Only the lines from the one containing "this 1434×1080 image." through the last line of the data are to be written out, exactly and in full.

·····

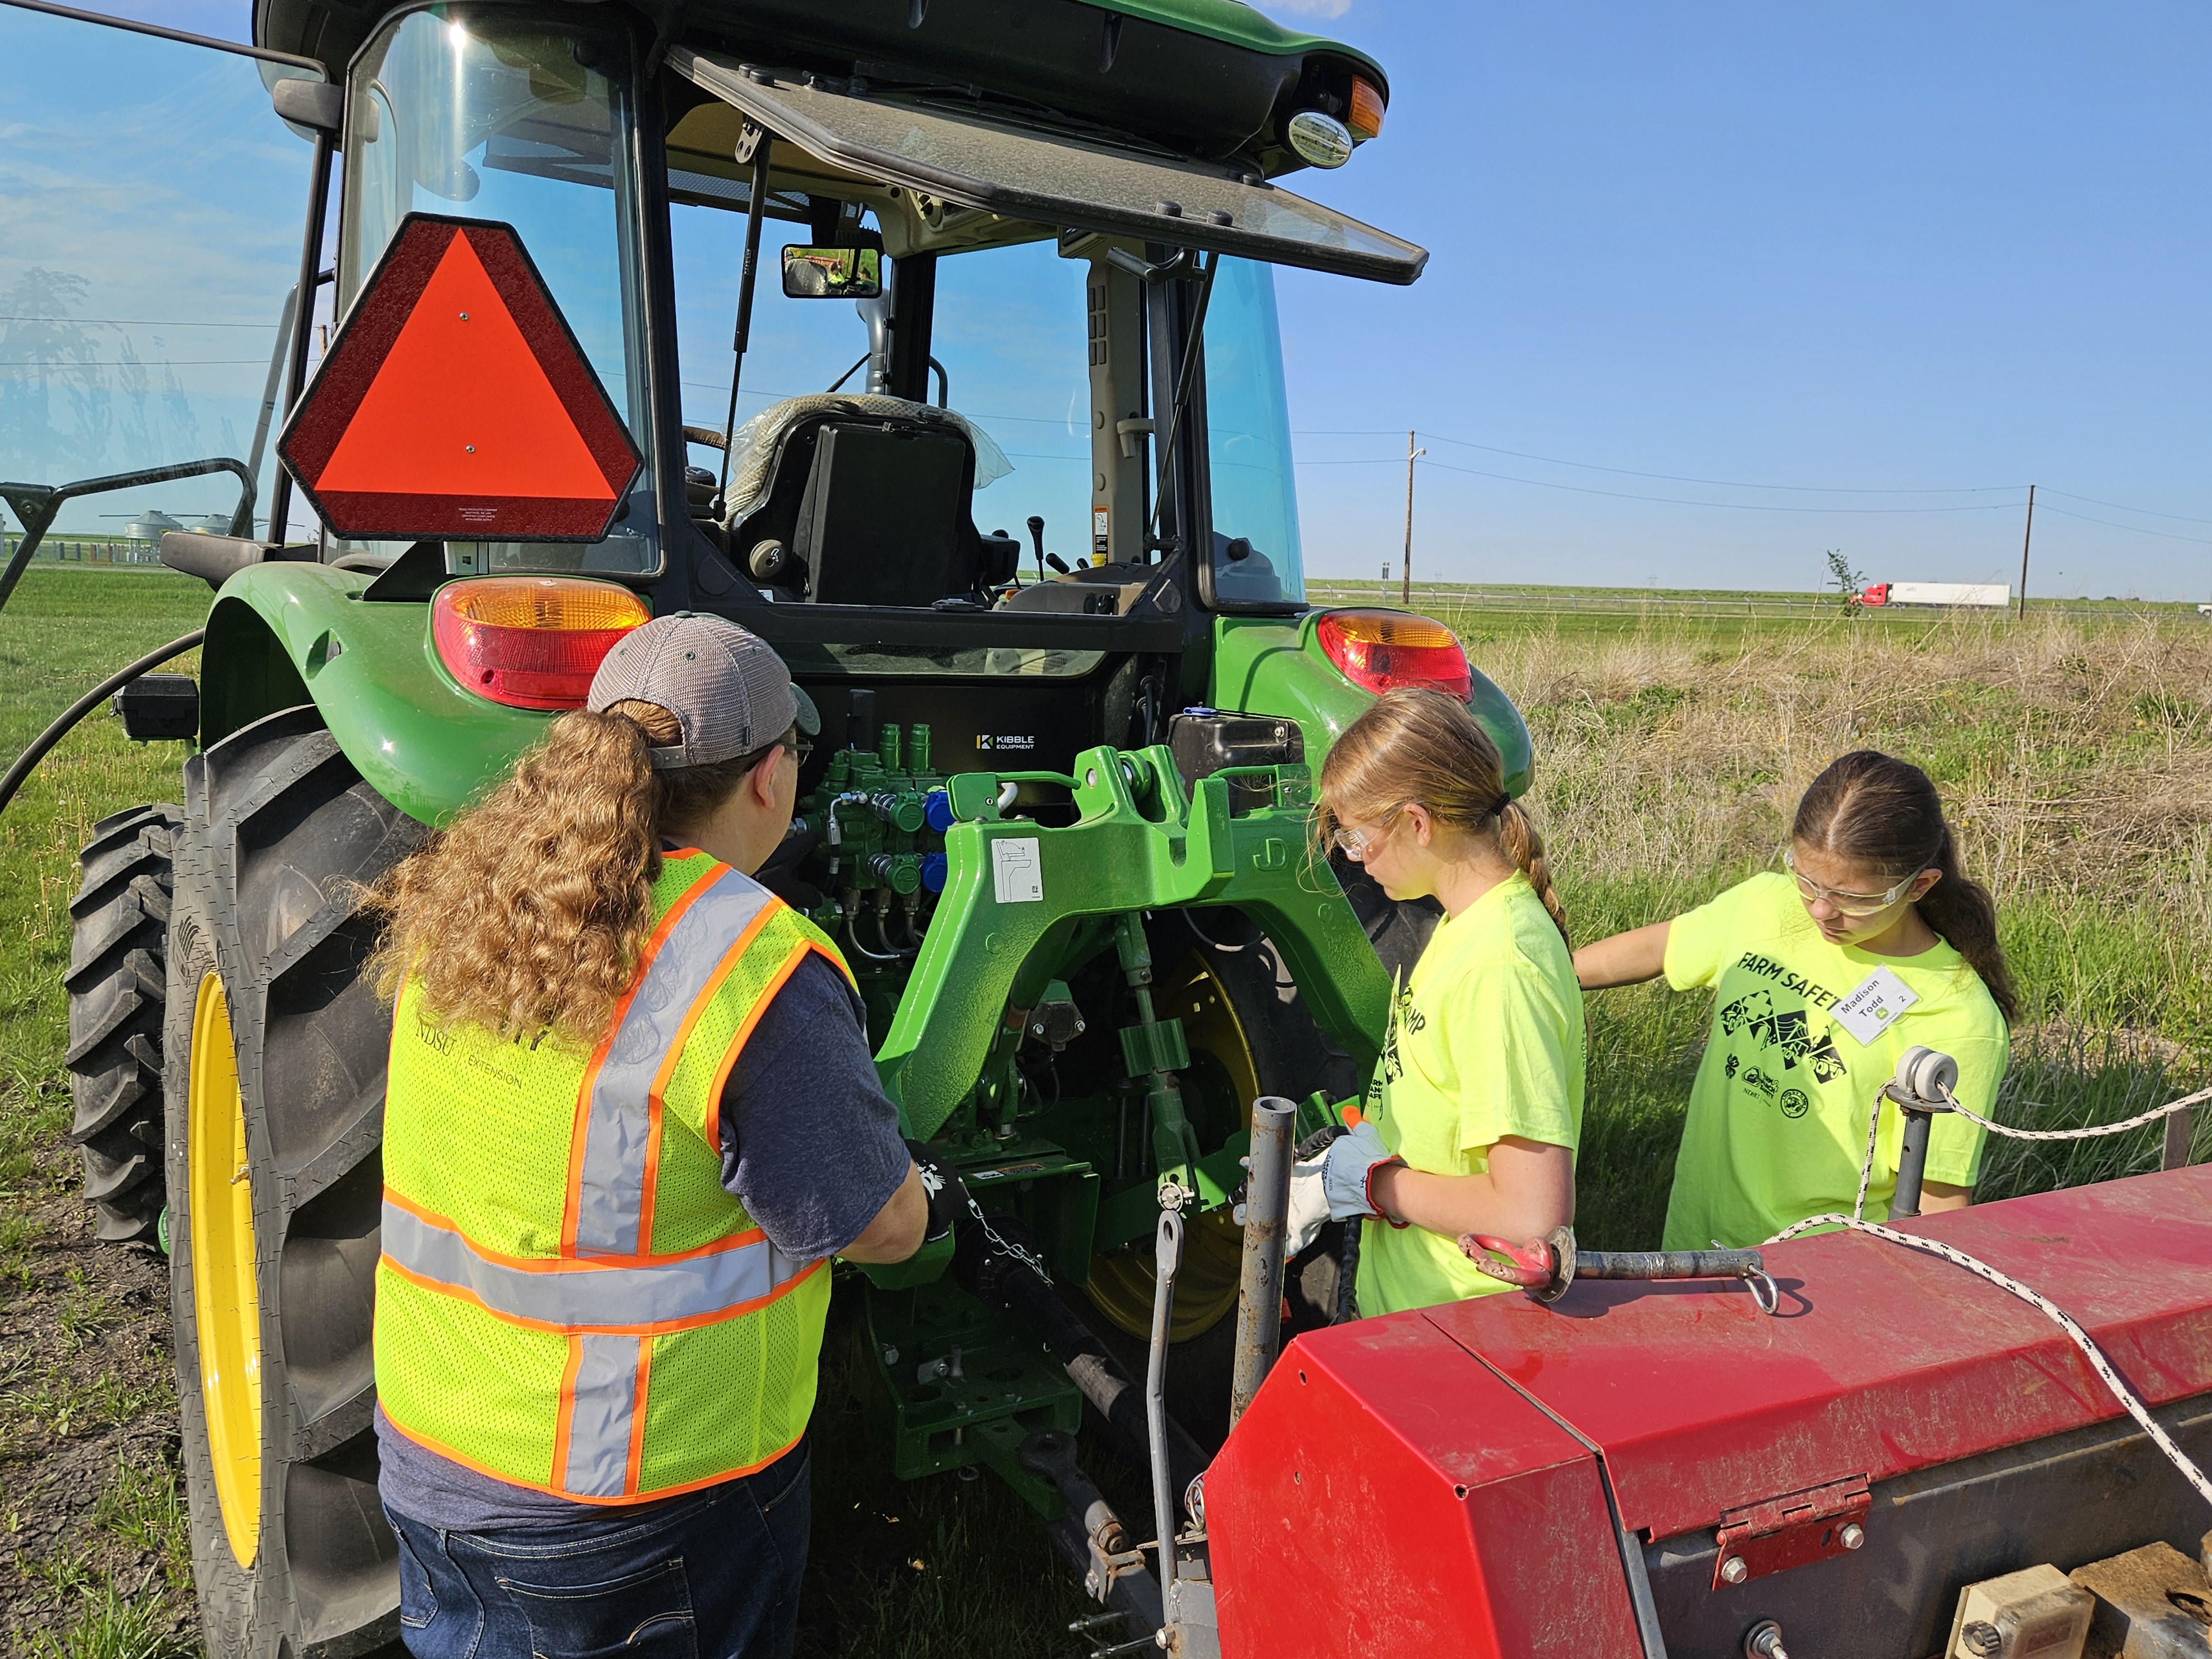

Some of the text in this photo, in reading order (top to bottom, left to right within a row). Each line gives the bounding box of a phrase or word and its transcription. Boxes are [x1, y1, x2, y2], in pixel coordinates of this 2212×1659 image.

[1737, 951, 1842, 1011] FARM SAFET
[1840, 980, 1880, 1014] Madison
[1405, 1006, 1426, 1035] MP
[1858, 995, 1884, 1017] Todd
[416, 1023, 524, 1089] NDSU EXTENSION
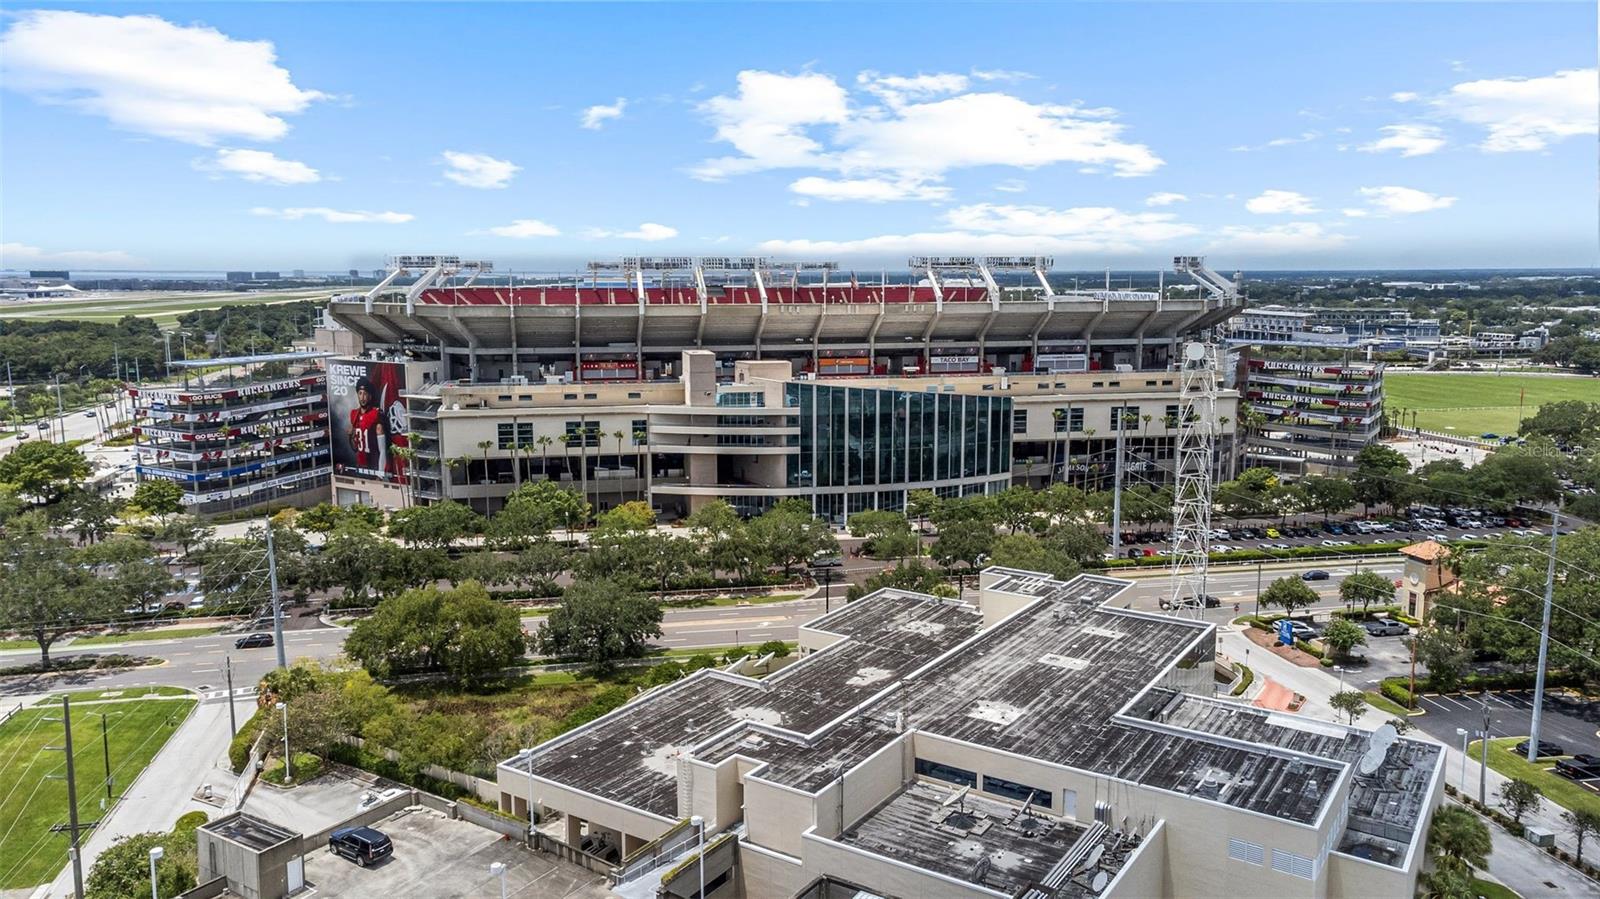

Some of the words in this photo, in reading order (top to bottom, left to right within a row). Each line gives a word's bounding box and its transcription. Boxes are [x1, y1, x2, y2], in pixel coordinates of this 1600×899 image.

[329, 363, 367, 377] KREWE
[204, 392, 223, 400] BUCS
[355, 428, 370, 453] 31
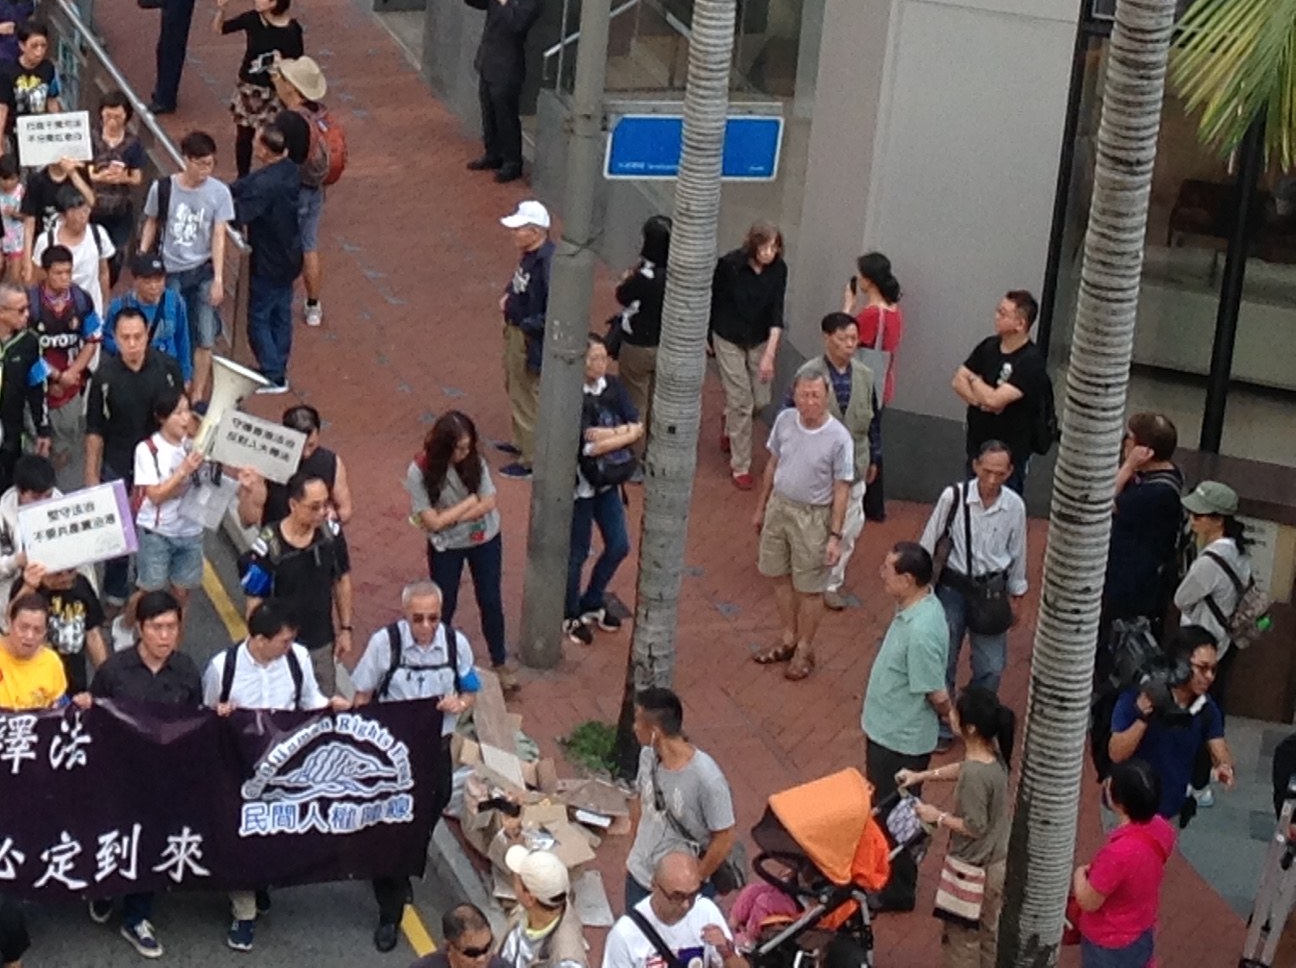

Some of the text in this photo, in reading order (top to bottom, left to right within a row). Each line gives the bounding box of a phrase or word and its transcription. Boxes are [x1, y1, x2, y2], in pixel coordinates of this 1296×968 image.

[226, 431, 291, 462] 反對人大釋法
[232, 417, 296, 449] 守護香港法治
[47, 502, 95, 522] 堅守法治
[33, 513, 116, 543] 不要共產黨治港
[273, 717, 333, 764] Human
[335, 713, 395, 750] Rights
[241, 796, 413, 836] 民間人權陣線
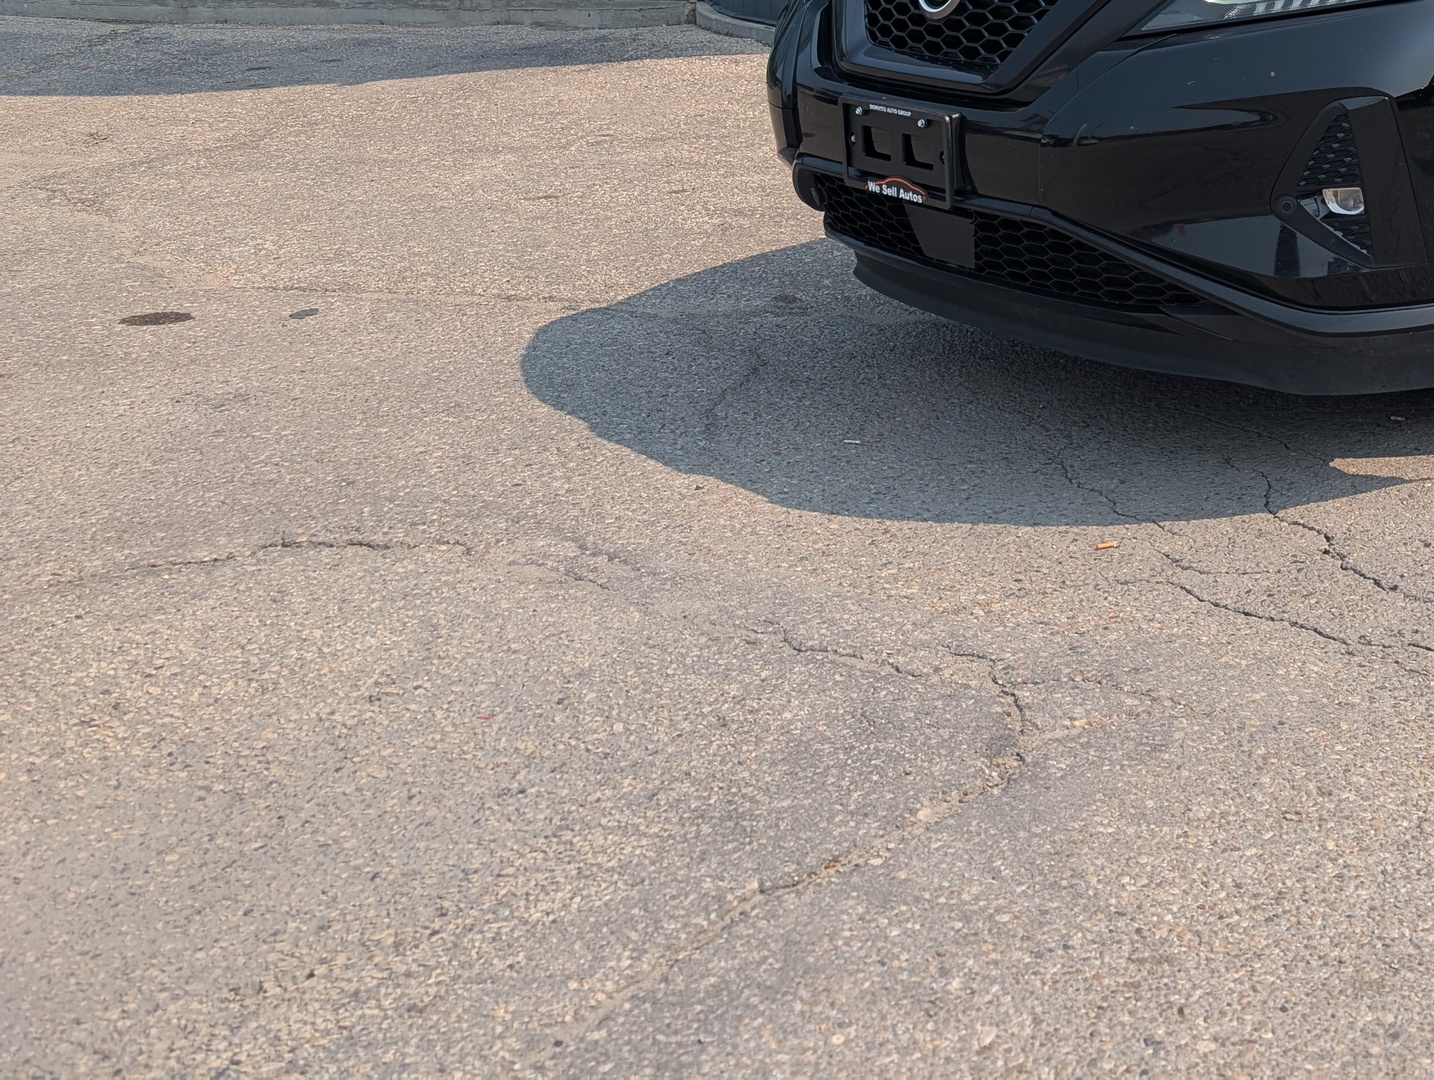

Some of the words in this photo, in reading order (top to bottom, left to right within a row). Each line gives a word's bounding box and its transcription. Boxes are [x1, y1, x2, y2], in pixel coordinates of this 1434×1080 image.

[867, 181, 880, 193] We
[882, 184, 898, 197] Sell
[899, 188, 923, 204] Autos

·····

◆ RESPONSE FOR THIS EXERCISE ◆
Some of the words in this photo, in reading order (top to bottom, left to right within a row). Each line gives a word's bounding box and its transcription. Boxes are [x1, y1, x2, y2], in pixel coordinates of this 1434×1080 image.

[867, 181, 880, 193] We
[882, 184, 898, 197] Sell
[899, 188, 923, 204] Autos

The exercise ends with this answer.